The records |
▬▬▬▬▬▬▬▬▬▬

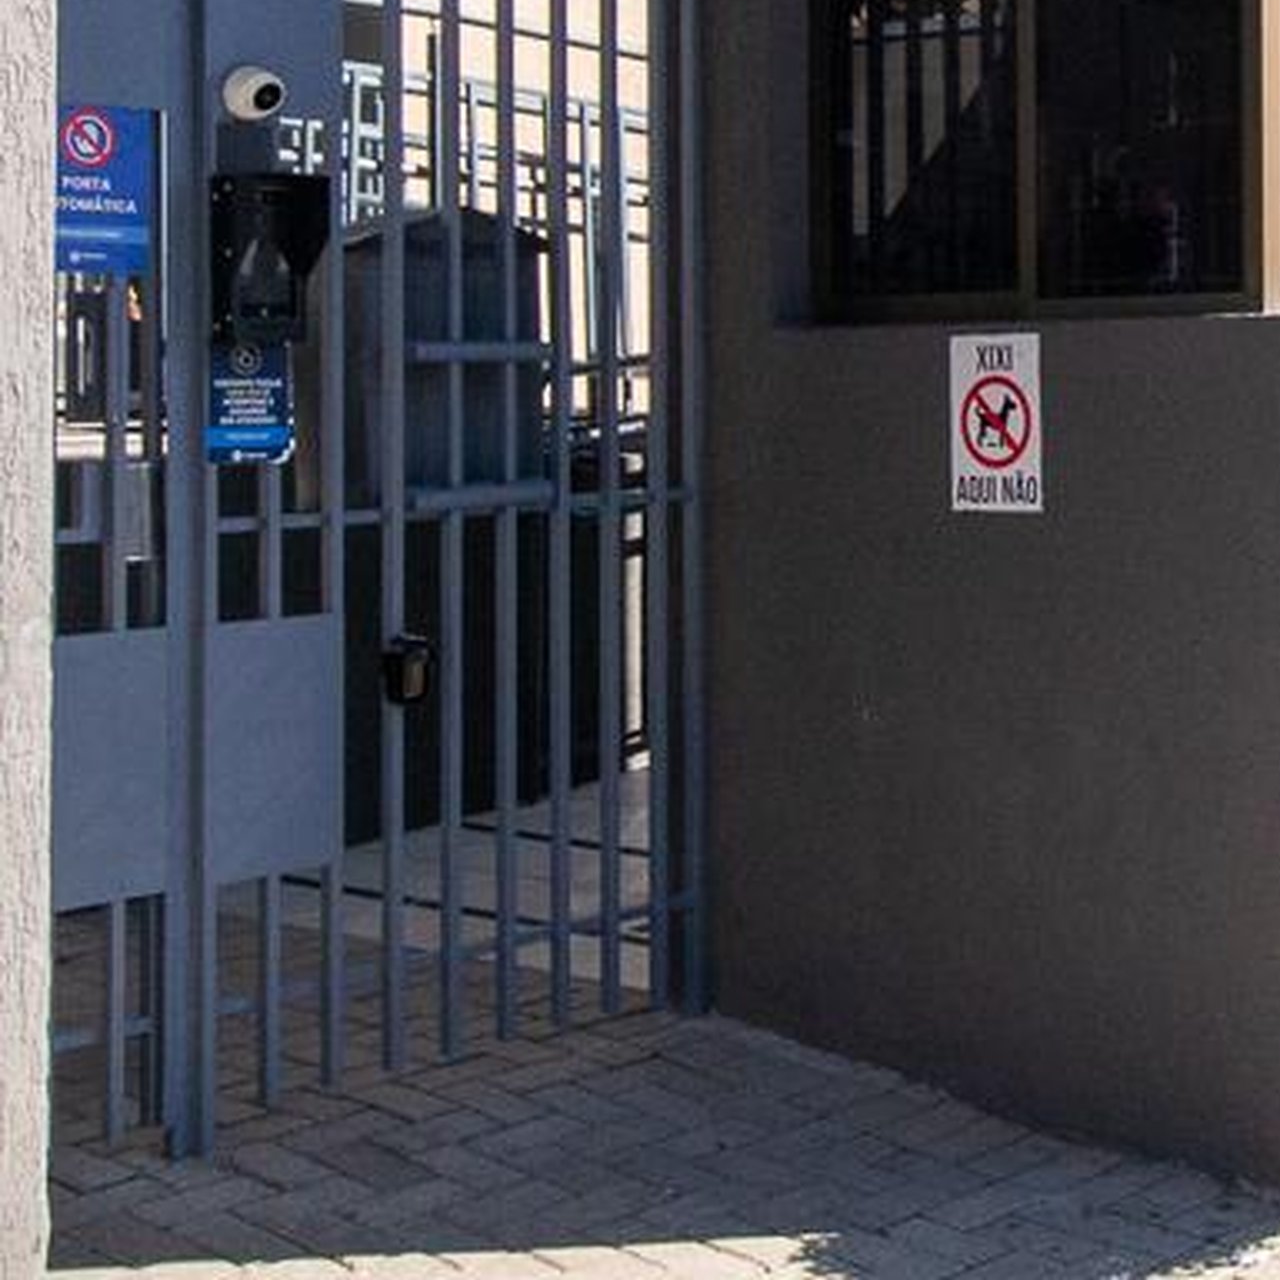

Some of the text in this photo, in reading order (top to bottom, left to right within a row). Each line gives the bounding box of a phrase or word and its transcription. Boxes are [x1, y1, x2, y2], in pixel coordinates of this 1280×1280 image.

[61, 175, 111, 191] PORTA
[976, 345, 1015, 373] XIXI
[956, 470, 1037, 505] AQUI NÃO
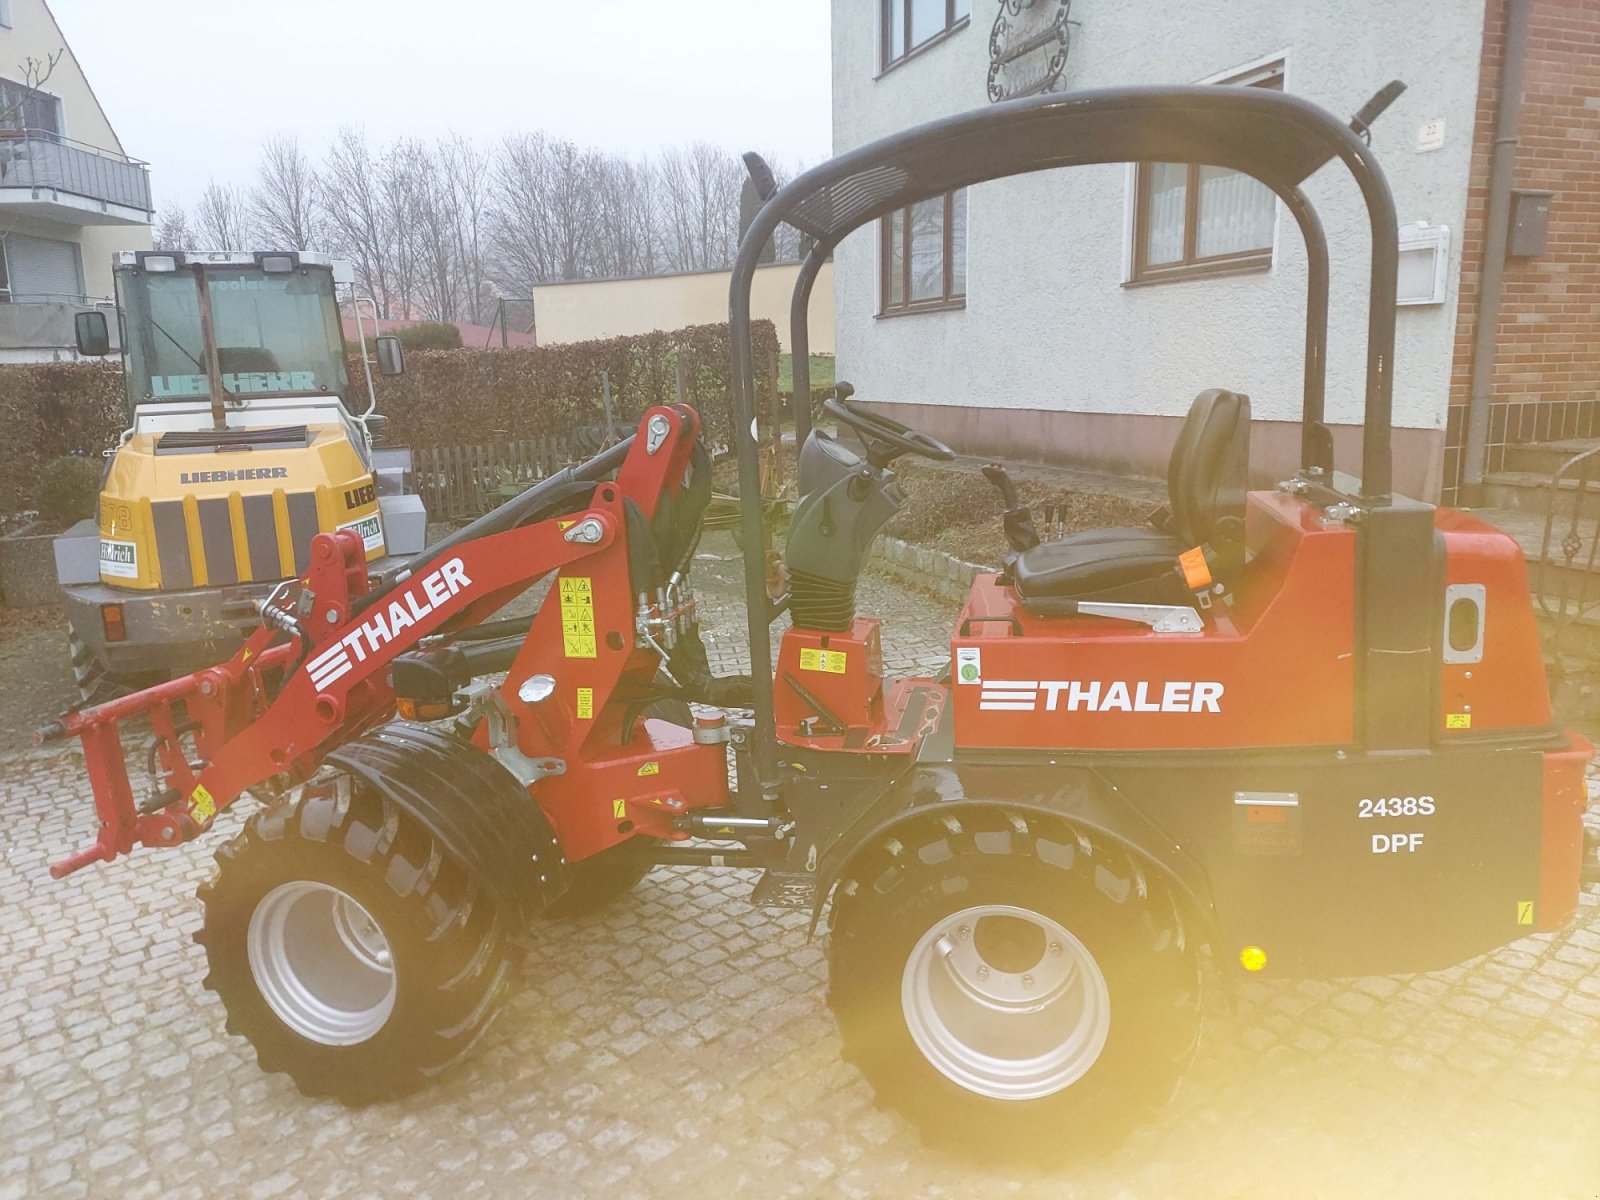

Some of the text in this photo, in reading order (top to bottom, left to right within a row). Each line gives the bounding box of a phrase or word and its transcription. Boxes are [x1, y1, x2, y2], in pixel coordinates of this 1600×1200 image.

[180, 467, 288, 484] LIEBHERR
[344, 557, 472, 662] THALER
[1039, 681, 1225, 713] THALER
[1358, 796, 1436, 818] 2438S
[1372, 833, 1424, 853] DPF

▬▬▬▬▬▬▬▬▬▬

Task to carry out | Your task is to return every entry exactly as it was written, with the pictures removed.

Result of the task |
Some of the text in this photo, in reading order (top to bottom, left to right within a row). Each line gives the bounding box of a phrase or word and its transcription. Boxes are [x1, y1, x2, y2], in pixel coordinates of this 1280×1280 image.

[61, 175, 111, 191] PORTA
[976, 345, 1015, 373] XIXI
[956, 470, 1037, 505] AQUI NÃO

Some of the text in this photo, in reading order (top to bottom, left to right within a row). Each line gives the bounding box of a phrase or word and its transcription. Boxes are [x1, y1, x2, y2], in pixel coordinates of this 1600×1200 image.

[180, 467, 288, 484] LIEBHERR
[344, 557, 472, 662] THALER
[1039, 681, 1225, 713] THALER
[1358, 796, 1436, 818] 2438S
[1372, 833, 1424, 853] DPF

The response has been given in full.